- WHAT YOU ARE ASKED TO DO: Leaving out the images, transcribe every record below exactly.

- EXERCISE MATERIAL:
■ ■ ■ ■

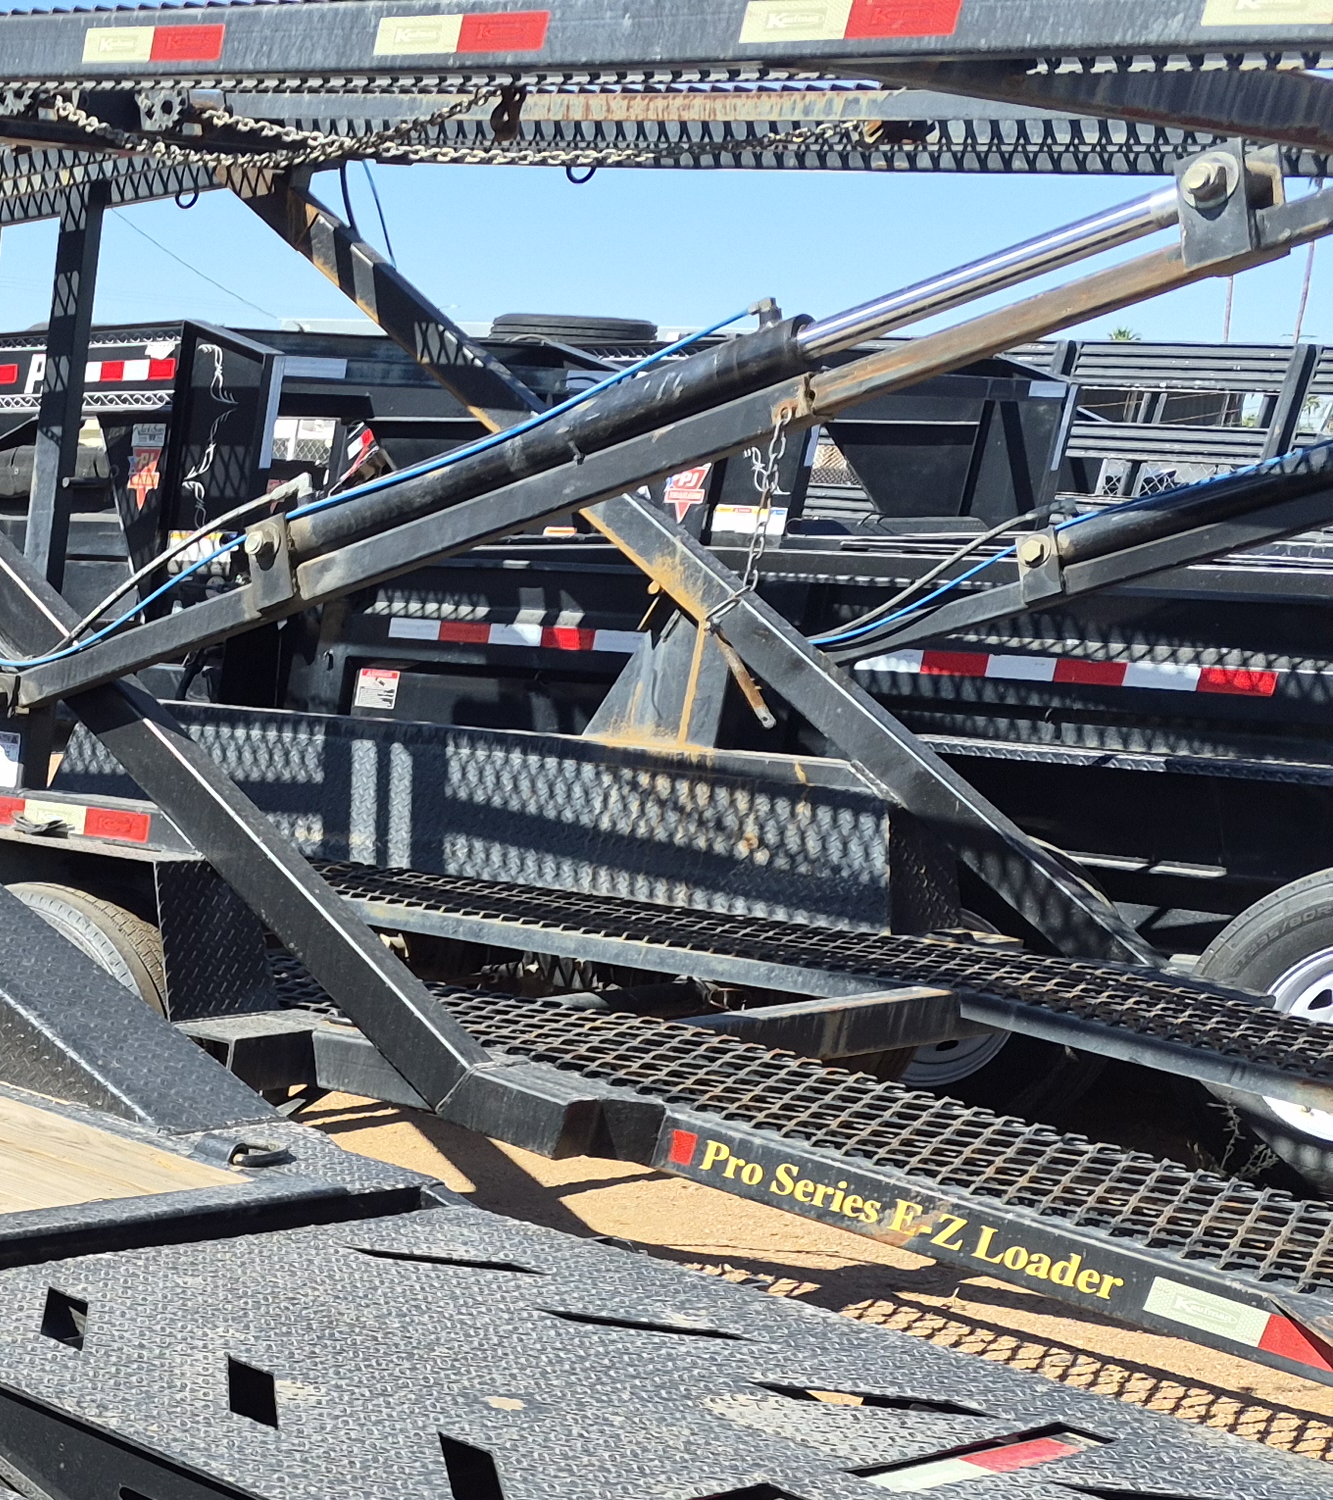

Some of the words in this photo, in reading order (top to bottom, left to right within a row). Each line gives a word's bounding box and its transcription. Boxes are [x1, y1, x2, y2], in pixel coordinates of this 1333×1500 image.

[24, 354, 46, 394] P
[679, 472, 699, 487] PJ
[698, 1139, 764, 1186] Pro
[769, 1163, 882, 1224] Series
[887, 1198, 969, 1251] E-Z
[971, 1225, 1125, 1300] Loader
[1173, 1295, 1237, 1323] Kaufman

■ ■ ■ ■

- FINAL ANSWER:
Some of the words in this photo, in reading order (top to bottom, left to right within a row). Each line gives a word's bounding box and its transcription. Boxes are [x1, y1, x2, y2], in pixel coordinates of this 1333×1500 image.

[24, 354, 46, 394] P
[679, 472, 699, 487] PJ
[698, 1139, 764, 1186] Pro
[769, 1163, 882, 1224] Series
[887, 1198, 969, 1251] E-Z
[971, 1225, 1125, 1300] Loader
[1173, 1295, 1237, 1323] Kaufman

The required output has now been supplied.